Hamburg plant nun, angedockt an die SAH-Projekte eine neue Form der "verbindlichen Hilfen" einzuführen, die günstiger sein wird. Anders als für SPFH gibt es dafür keine Rechtsgrundlage. Die Projekte sollen mit den Bezirken Zielzahlen vereinbaren und die wiederum mit der Basfi Zielzahlen aushandeln. Das geht aus der seit 1. Februar gültigen SHA-Globalrichtlinie hervor. Werden die Ziele verfehlt, wird Geld zurückverlangt.

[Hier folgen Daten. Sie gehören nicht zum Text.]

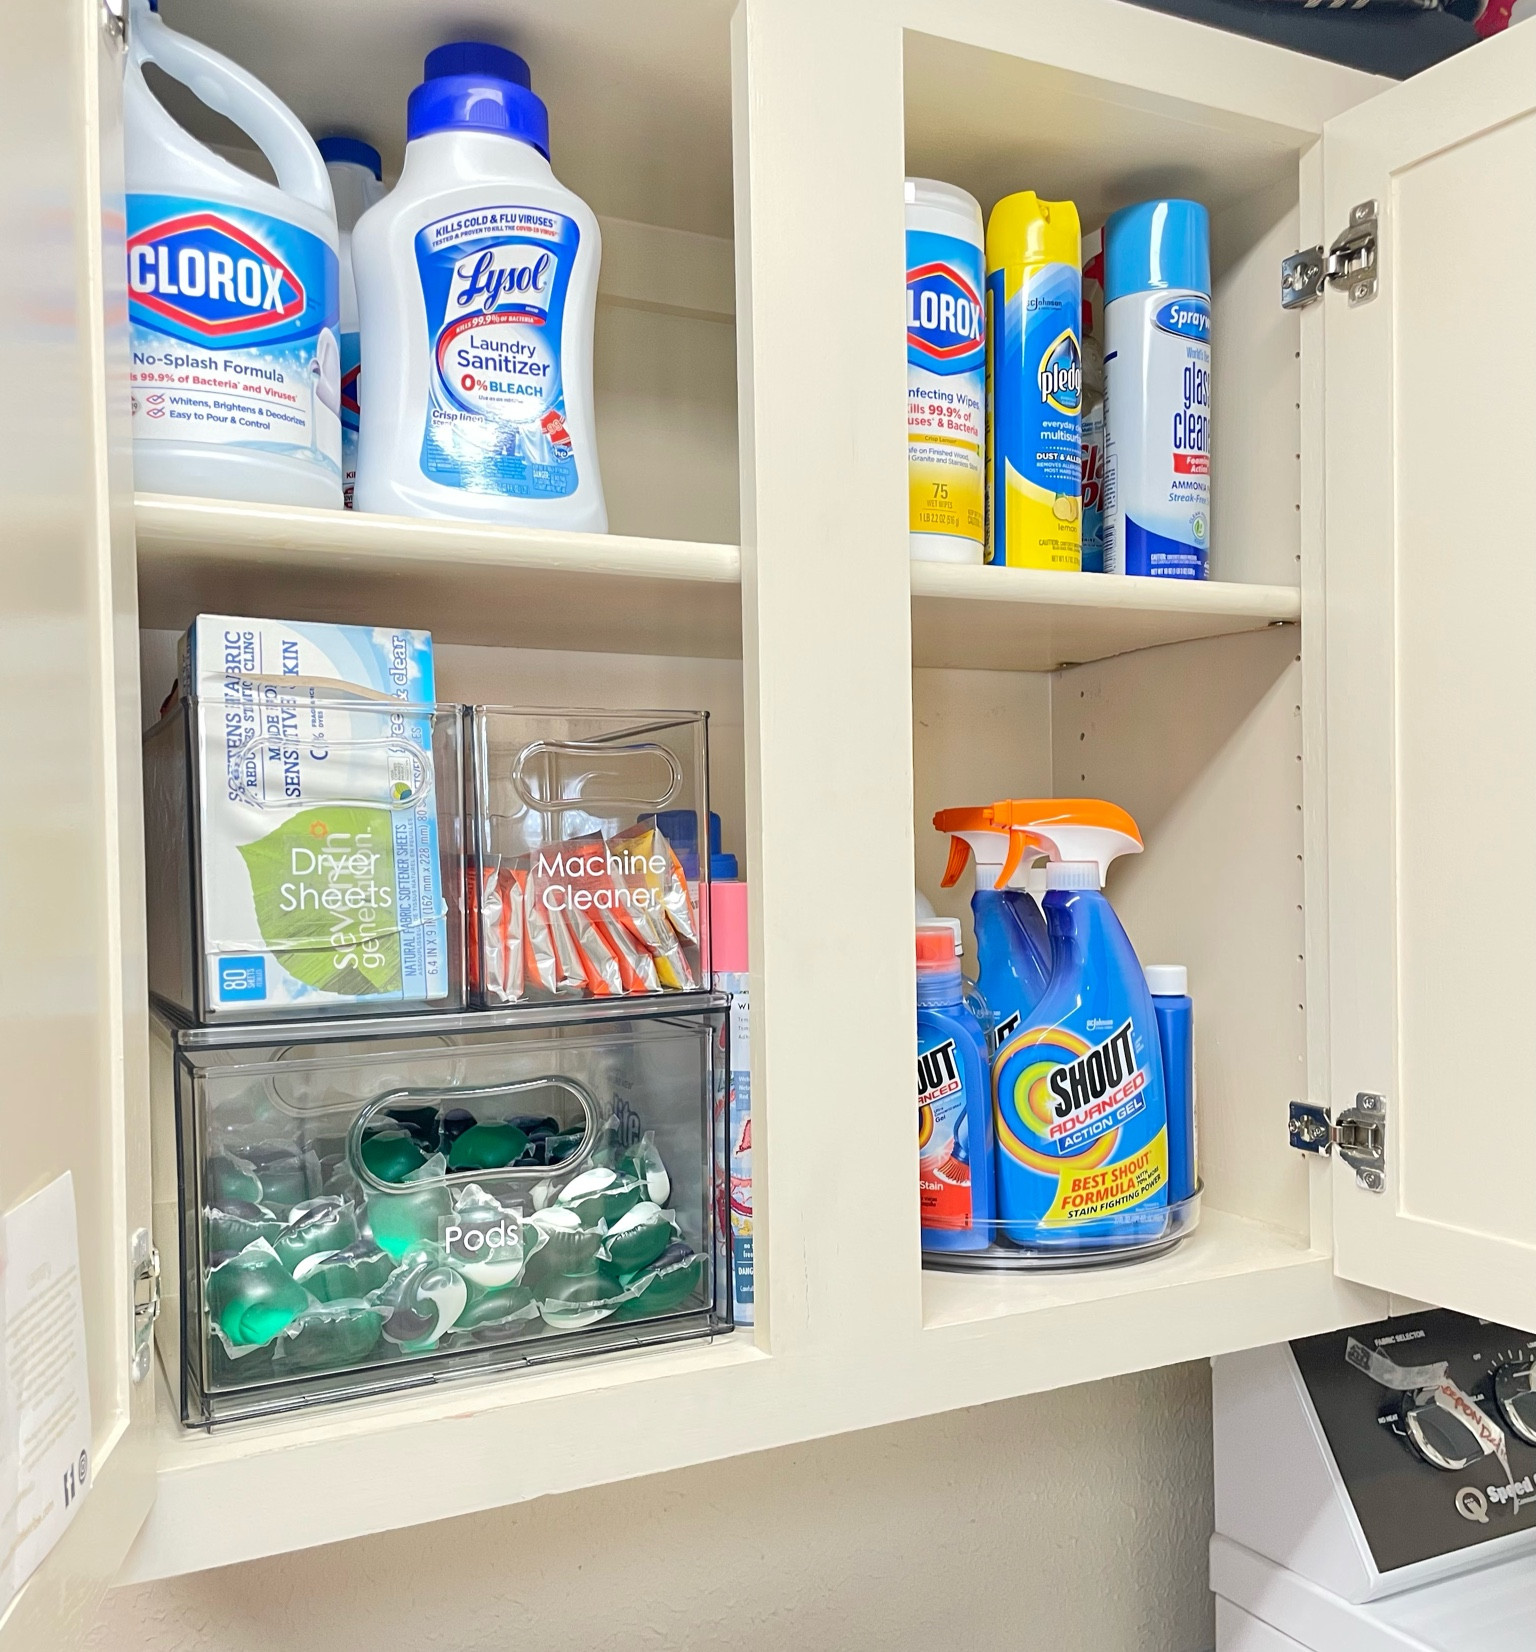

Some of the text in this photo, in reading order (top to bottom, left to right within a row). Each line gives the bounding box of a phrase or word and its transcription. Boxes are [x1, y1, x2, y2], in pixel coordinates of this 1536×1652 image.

Der taz liegt ein Schreiben des Jugendamtes Wandsbek vor, aus dem hervorgeht, dass die Basfi für 2012 auf höhere Zielzahlen drängte. Die Verwaltung schlägt daraufhin vor, dass in SHA-Projekten ein Sozialarbeiter künftig "bis zu 9 verbindliche Hilfen in der Woche zu bearbeiten hat". Die Dauer dieser Hilfen solle "maximal sechs Monate" betragen, so könne ein Mitarbeiter im Jahr 18 Fälle bearbeiten. Da die Mitarbeiter nebenher auch noch 30 Prozent der Arbeitszeit für "sonstige Hilfen" haben sollen, sei etwa mit 13 Fällen im Jahr zu rechnen.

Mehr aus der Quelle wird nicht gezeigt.